Esquerda protege criminosos: PT e PSOL rejeitam endurecimento das penas para crimes hediondos
Enquanto Lindbergh Farias propõe crime de alta traição, parlamentares de esquerda votam contra aumento da punição para bandidos, escancarando seu compromisso com a impunidade
É revoltante observar como parte da esquerda brasileira insiste em defender bandidos ao votar contra medidas que endurecem as penas para quem comete crimes hediondos.
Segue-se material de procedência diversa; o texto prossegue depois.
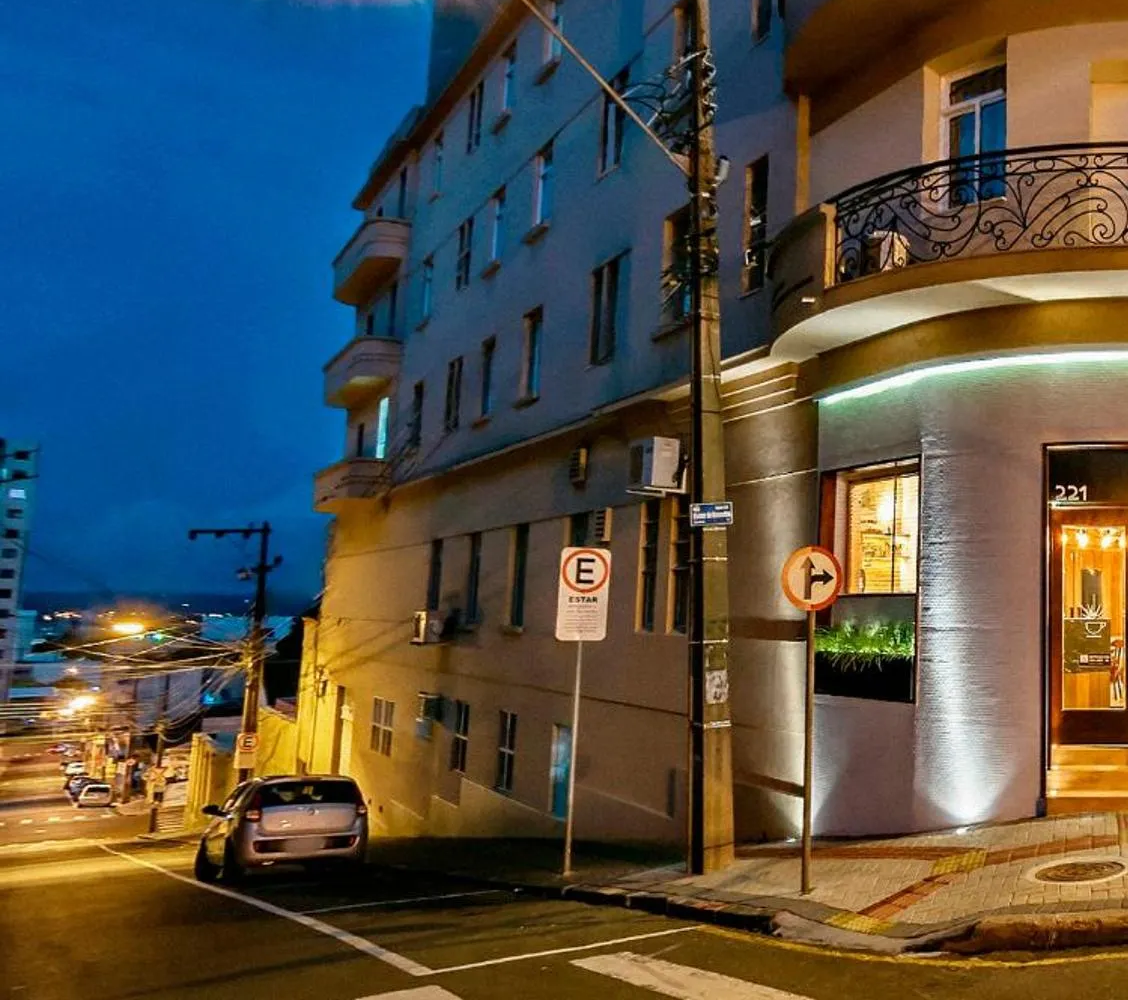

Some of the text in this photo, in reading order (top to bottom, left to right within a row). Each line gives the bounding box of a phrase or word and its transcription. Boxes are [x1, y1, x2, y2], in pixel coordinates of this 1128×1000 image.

[1055, 484, 1087, 501] 221
[576, 558, 595, 583] E
[244, 736, 253, 748] E
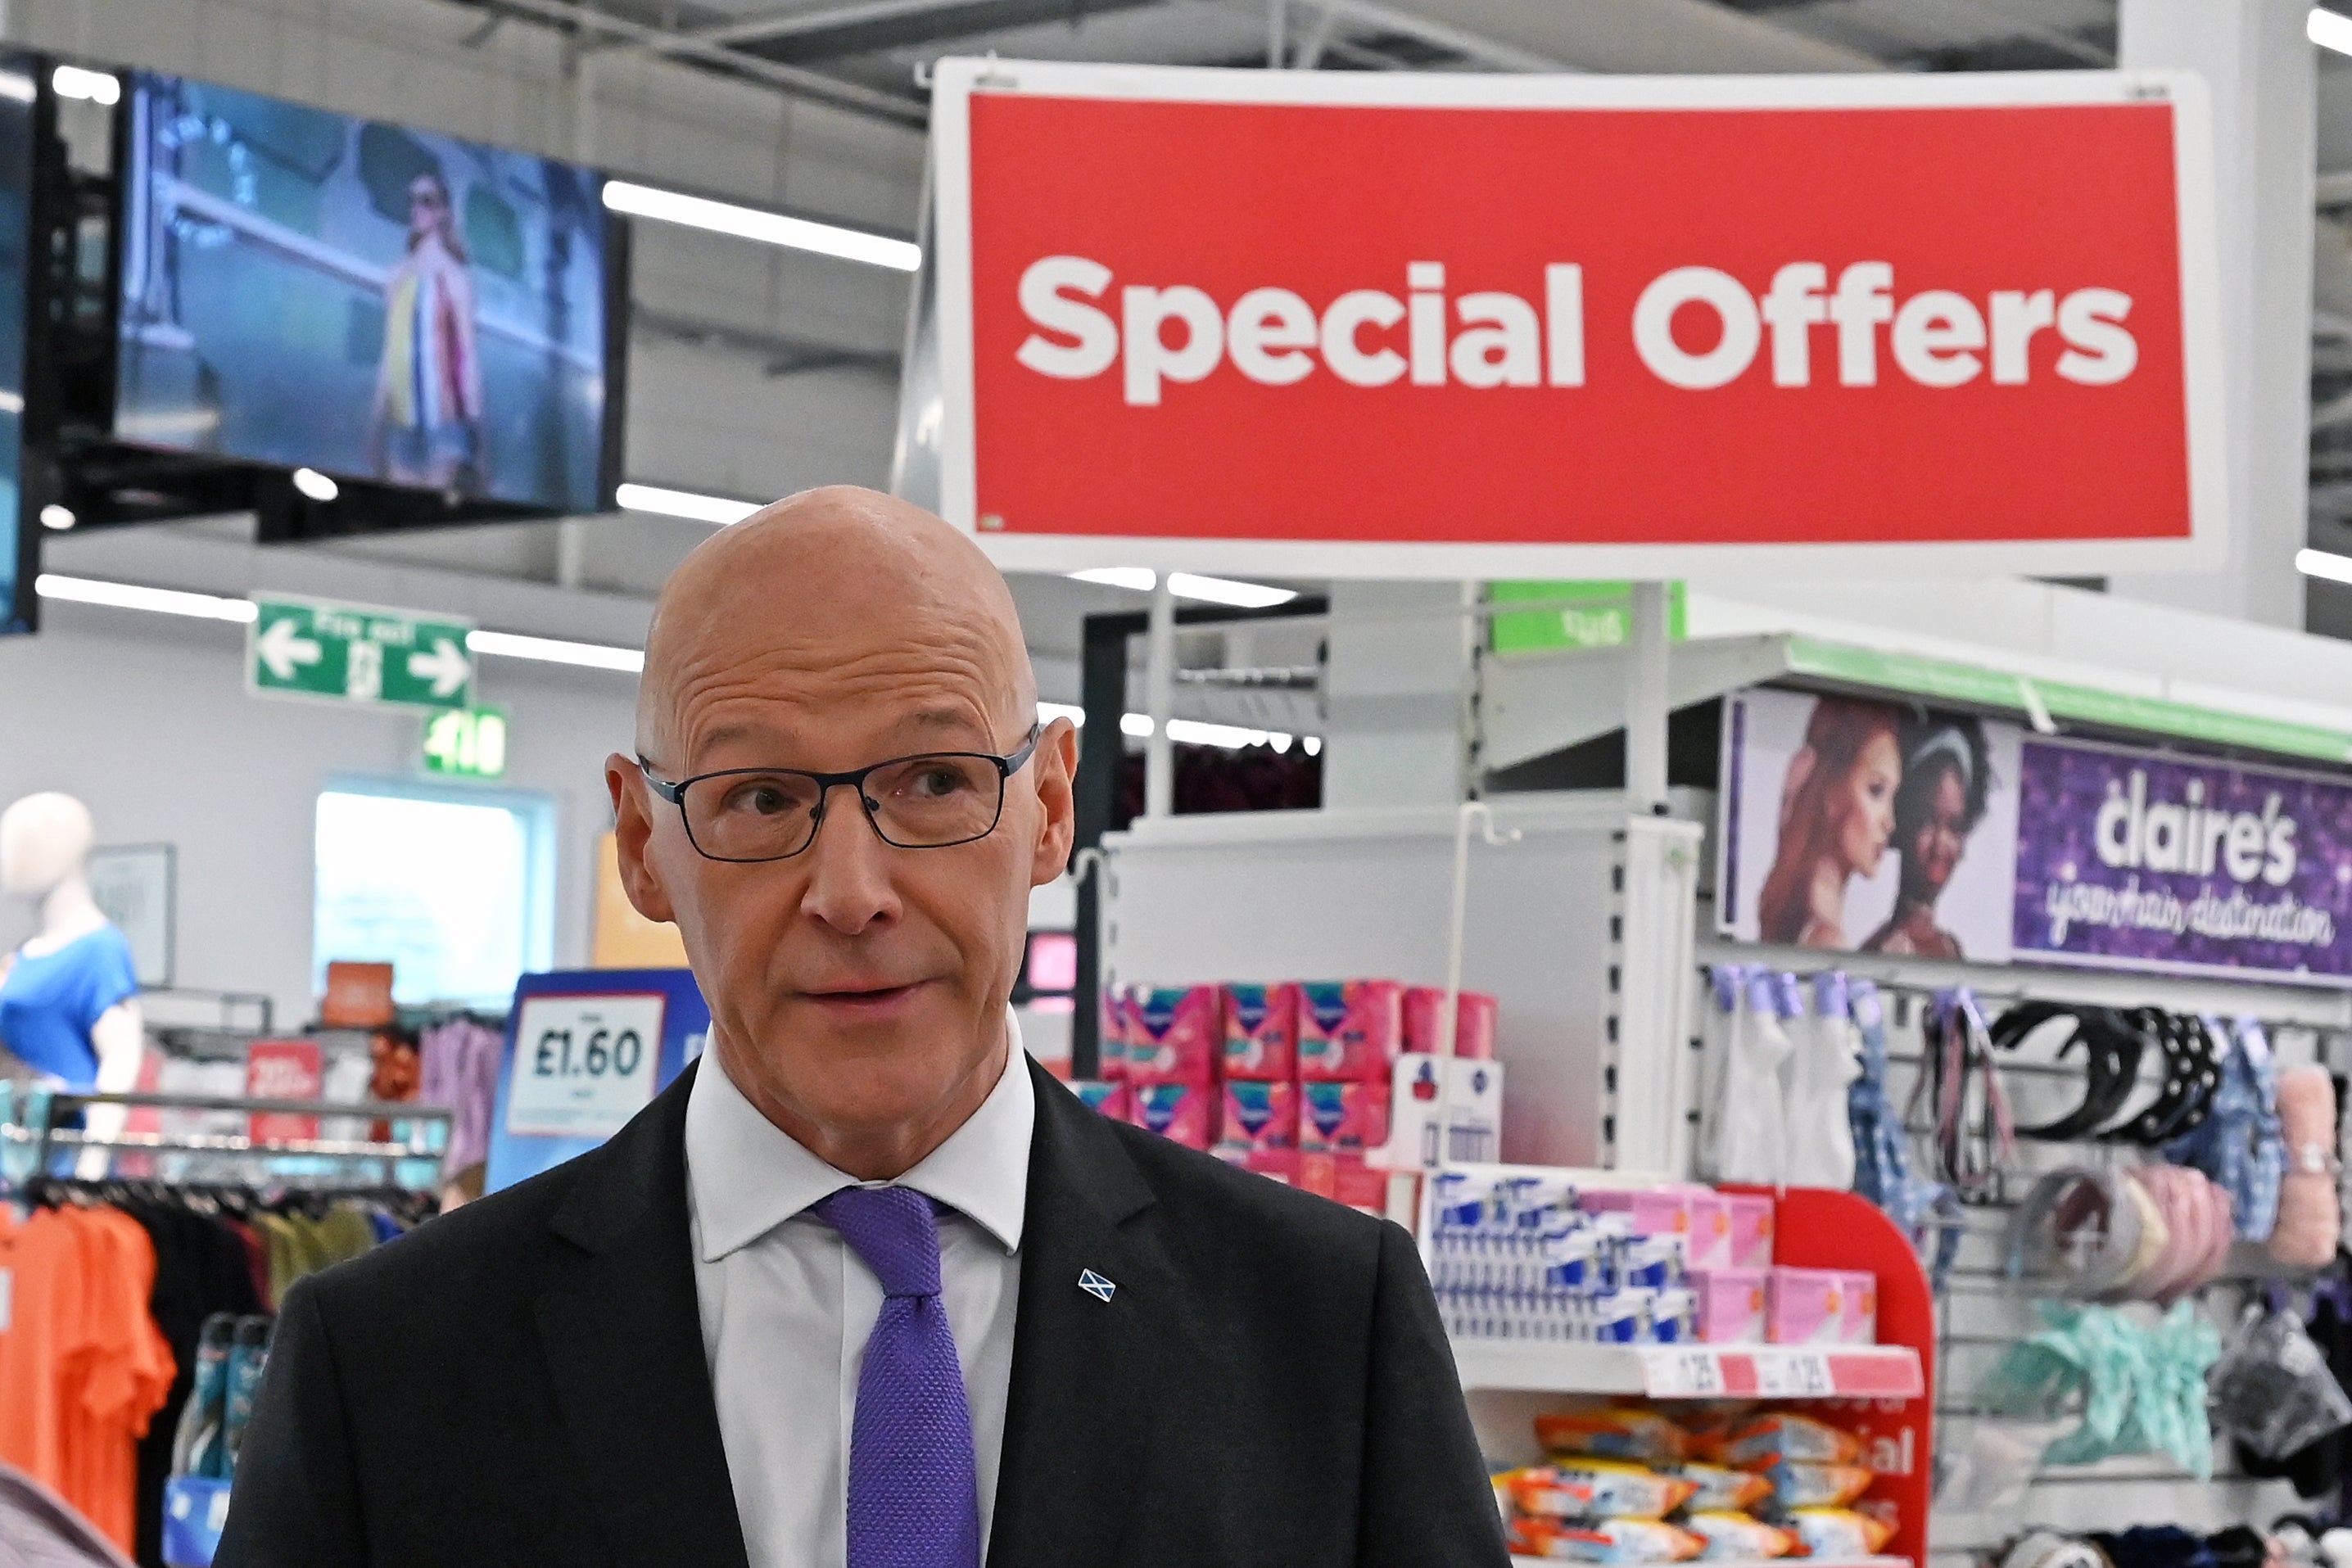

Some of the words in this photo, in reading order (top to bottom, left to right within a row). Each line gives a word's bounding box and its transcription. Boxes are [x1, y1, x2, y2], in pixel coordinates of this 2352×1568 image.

[1017, 255, 1584, 405] Special
[1632, 262, 2138, 388] Offers
[2096, 769, 2298, 887] claire's
[535, 1028, 642, 1077] £1.60
Nesta sexta-feira (1º de agosto), PT e PSOL mostraram mais uma vez a que lado pertencem, rejeitando uma proposta que aumentaria o tempo de cumprimento de pena para esses criminosos, evidenciando sua postura conivente com a impunidade.
Em contrapartida, o deputado Lindbergh Farias (PT-RJ), líder do PT na Câmara, apresentou um Projeto de Lei que, pelo menos em teoria, busca responsabilizar ainda mais aqueles que atentam contra a pátria. A proposta inclui a criação do crime de “alta traição à pátria” no Código Penal, com penas que variam de 20 a 40 anos de reclusão.
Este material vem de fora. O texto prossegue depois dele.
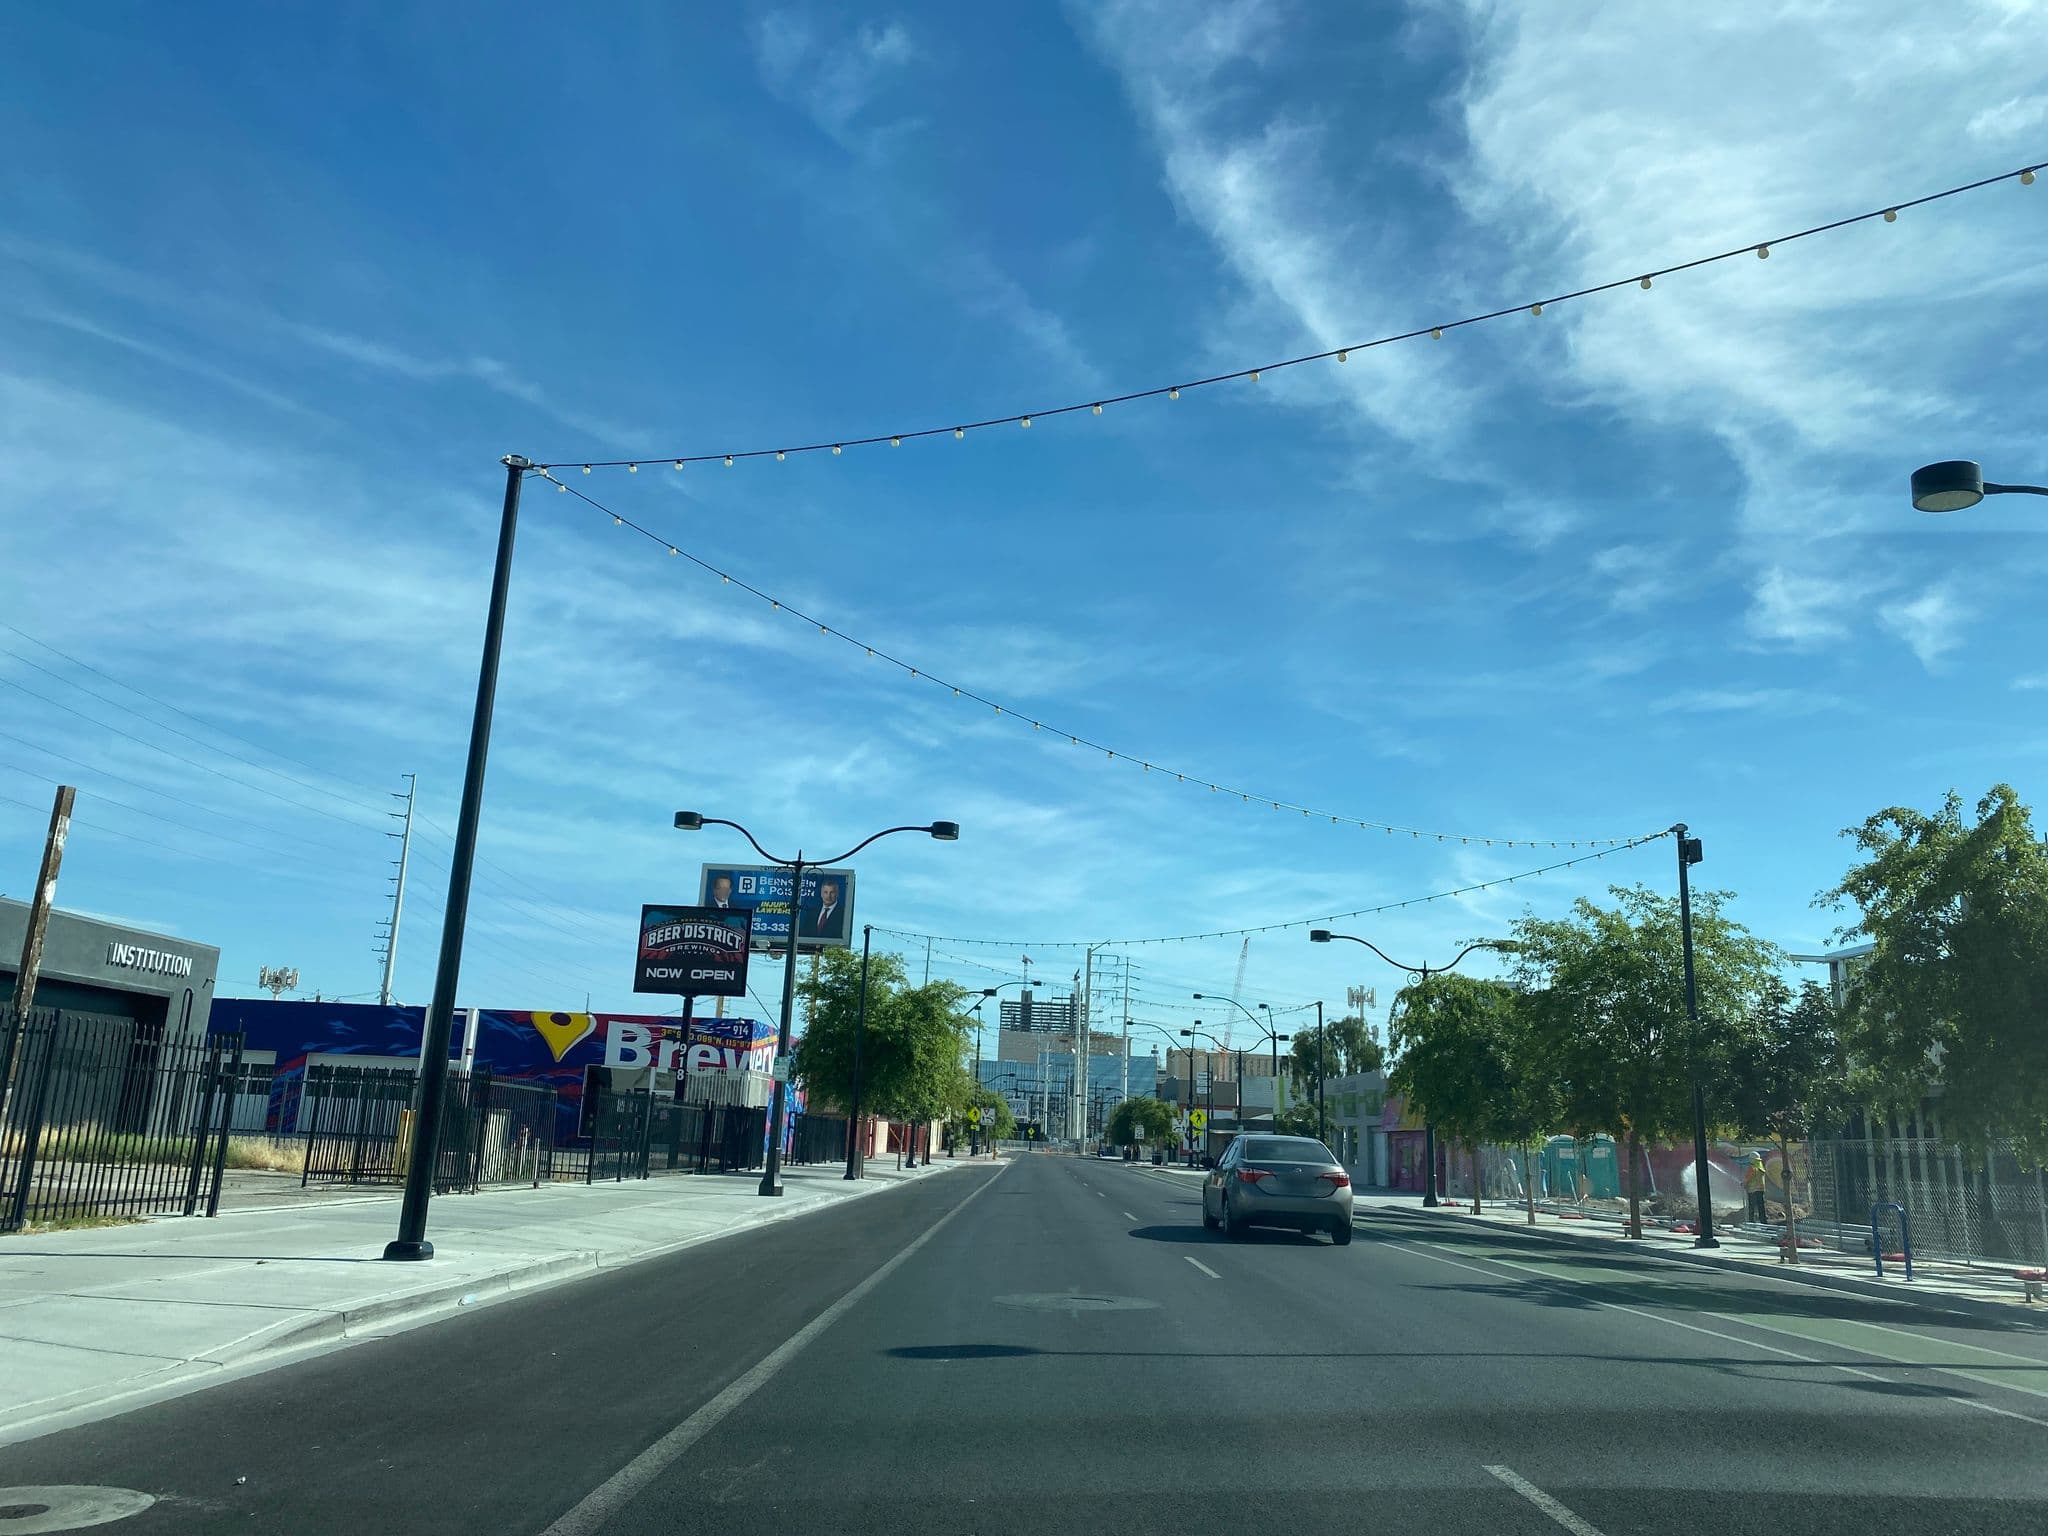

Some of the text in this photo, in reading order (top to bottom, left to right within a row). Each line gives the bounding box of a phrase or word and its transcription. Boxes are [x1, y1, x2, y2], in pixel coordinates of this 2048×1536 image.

Mas fica o questionamento: como confiar em quem, ao mesmo tempo que fala em combater crimes graves, vota para aliviar o peso das punições? O PT e seus aliados parecem preferir proteger criminosos em vez de defender a segurança da sociedade brasileira.
Enquanto o deputado Eduardo Bolsonaro atua no exterior para buscar mecanismos contra a corrupção e o crime organizado, parte da esquerda nacional age para enfraquecer o sistema penal, estimulando a sensação de impunidade e a insegurança que assola o país.
Essa contradição é mais uma prova de que, para esses partidos, a defesa dos bandidos está acima do compromisso com a justiça e a segurança pública. O Brasil não pode aceitar que seus governantes e parlamentares escolham lados tão explícitos contra o povo honesto e trabalhador.